(Spatial localization data)
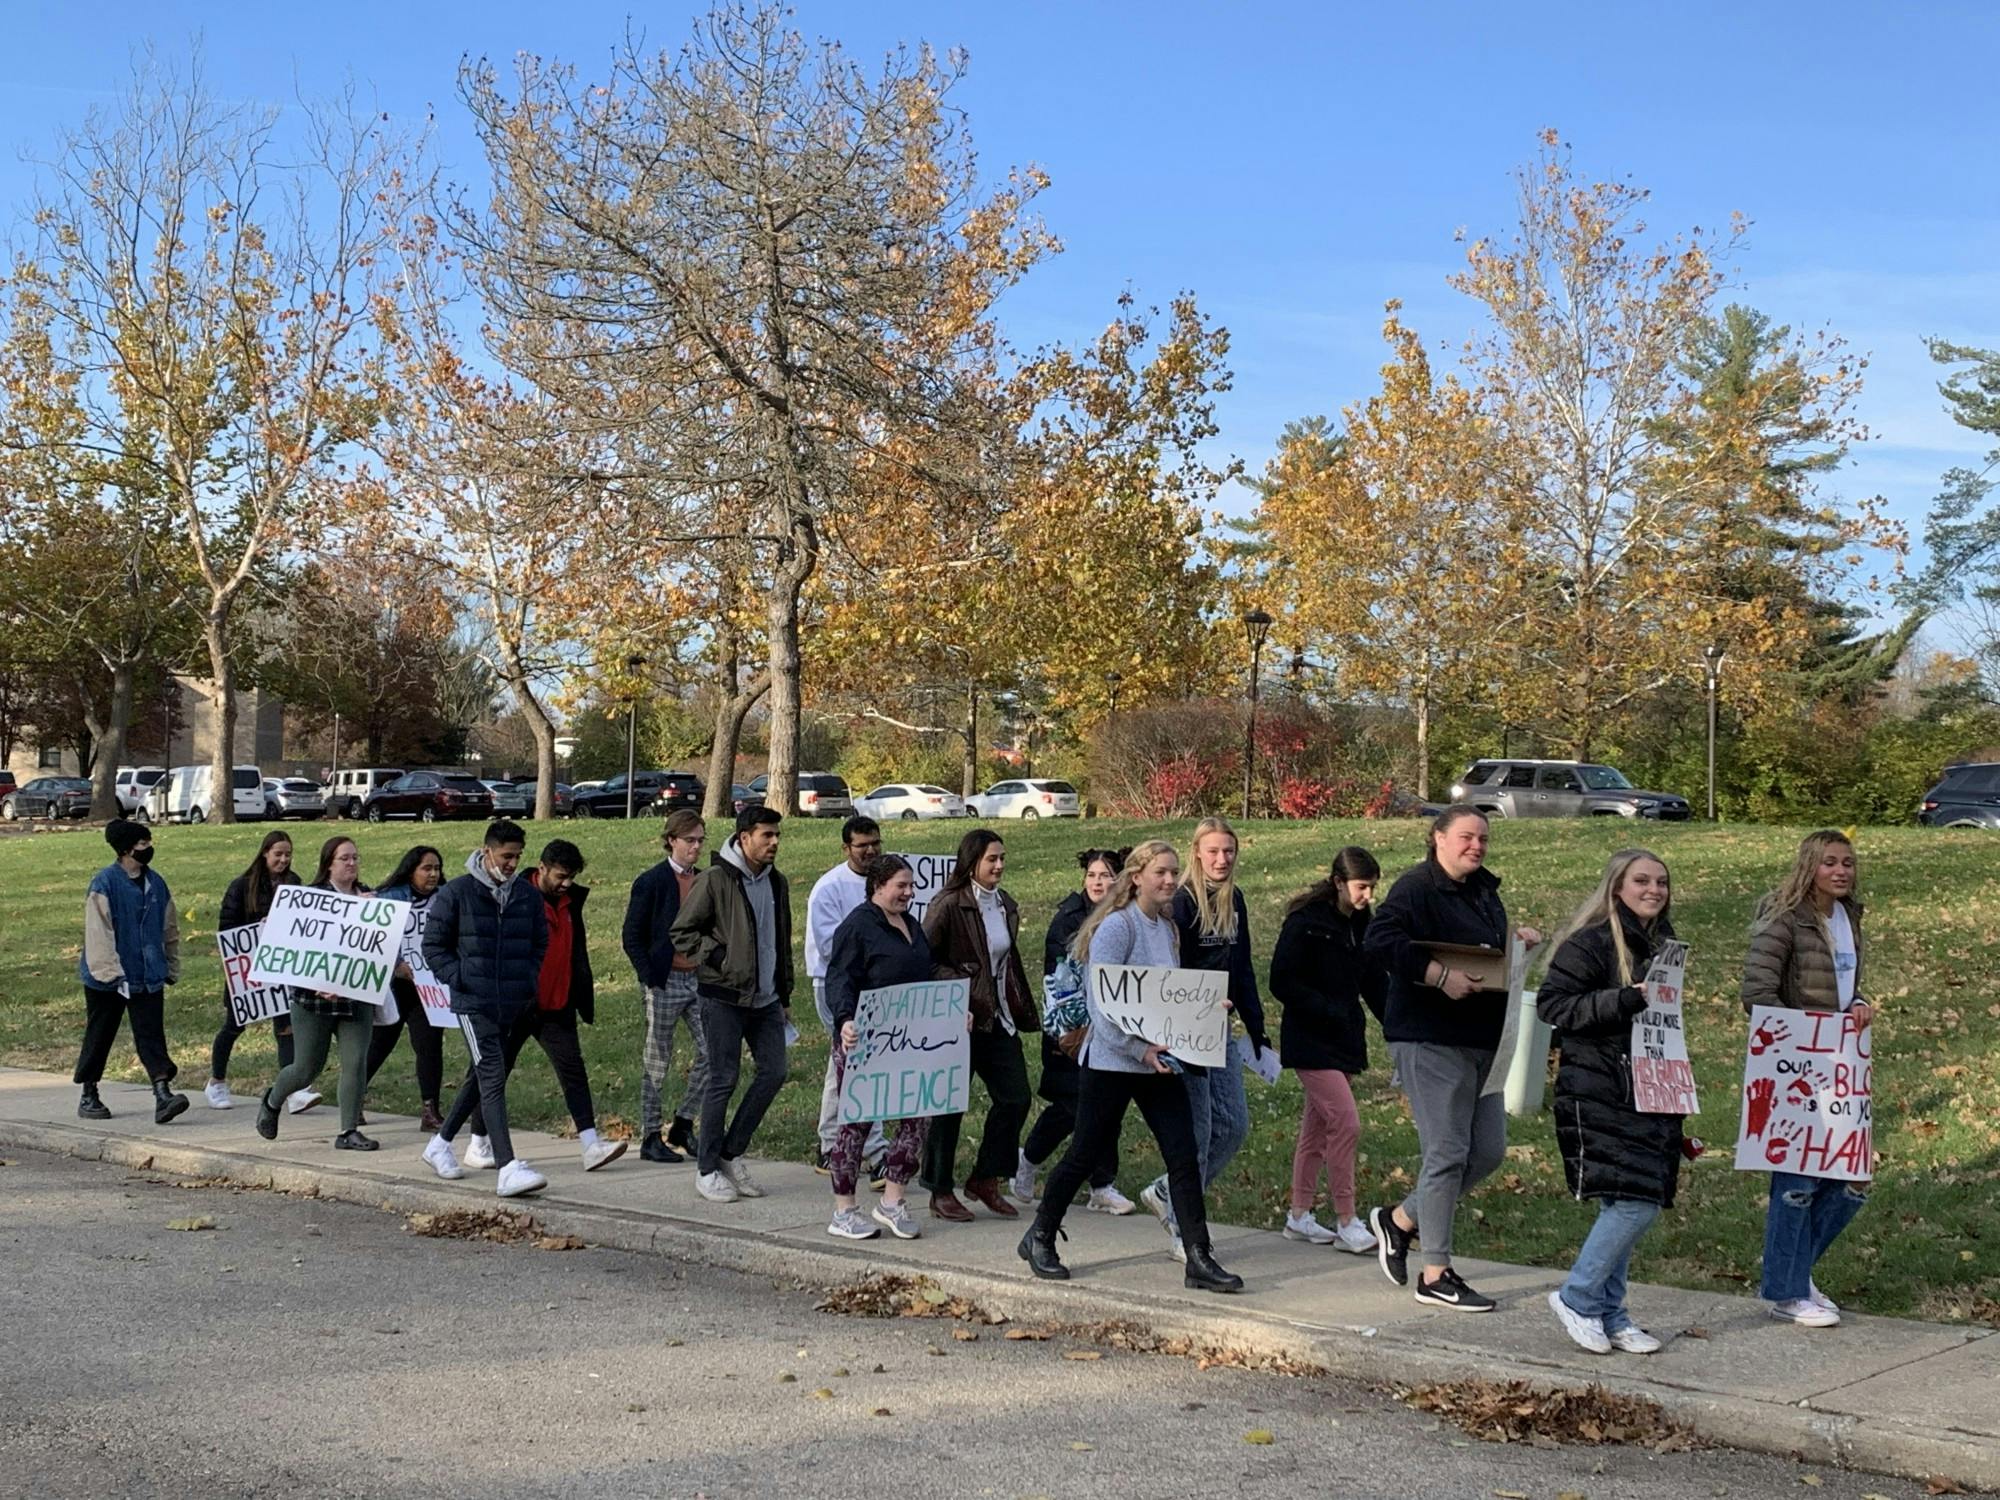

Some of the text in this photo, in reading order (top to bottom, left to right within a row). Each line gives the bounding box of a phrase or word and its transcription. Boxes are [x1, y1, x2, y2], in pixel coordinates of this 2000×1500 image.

[276, 888, 396, 927] PROTECT US
[220, 924, 260, 958] NOT
[289, 917, 387, 955] NOT YOUR
[254, 945, 388, 993] REPUTATION
[233, 988, 266, 1025] BUT
[873, 982, 964, 1028] SHATTER
[1099, 968, 1218, 1020] MY body
[875, 1024, 959, 1056] the
[1155, 1016, 1225, 1052] choice!
[843, 1065, 963, 1123] SILENCE

WORK REQUIRED
All the records above must be retyped exactly, except for their pictures.

WRITTEN ANSWER
Some of the text in this photo, in reading order (top to bottom, left to right within a row). Each line gives the bounding box of a phrase or word and its transcription. Boxes are [x1, y1, x2, y2], in pixel coordinates of this 2000×1500 image.

[276, 888, 396, 927] PROTECT US
[220, 924, 260, 958] NOT
[289, 917, 387, 955] NOT YOUR
[254, 945, 388, 993] REPUTATION
[233, 988, 266, 1025] BUT
[873, 982, 964, 1028] SHATTER
[1099, 968, 1218, 1020] MY body
[875, 1024, 959, 1056] the
[1155, 1016, 1225, 1052] choice!
[843, 1065, 963, 1123] SILENCE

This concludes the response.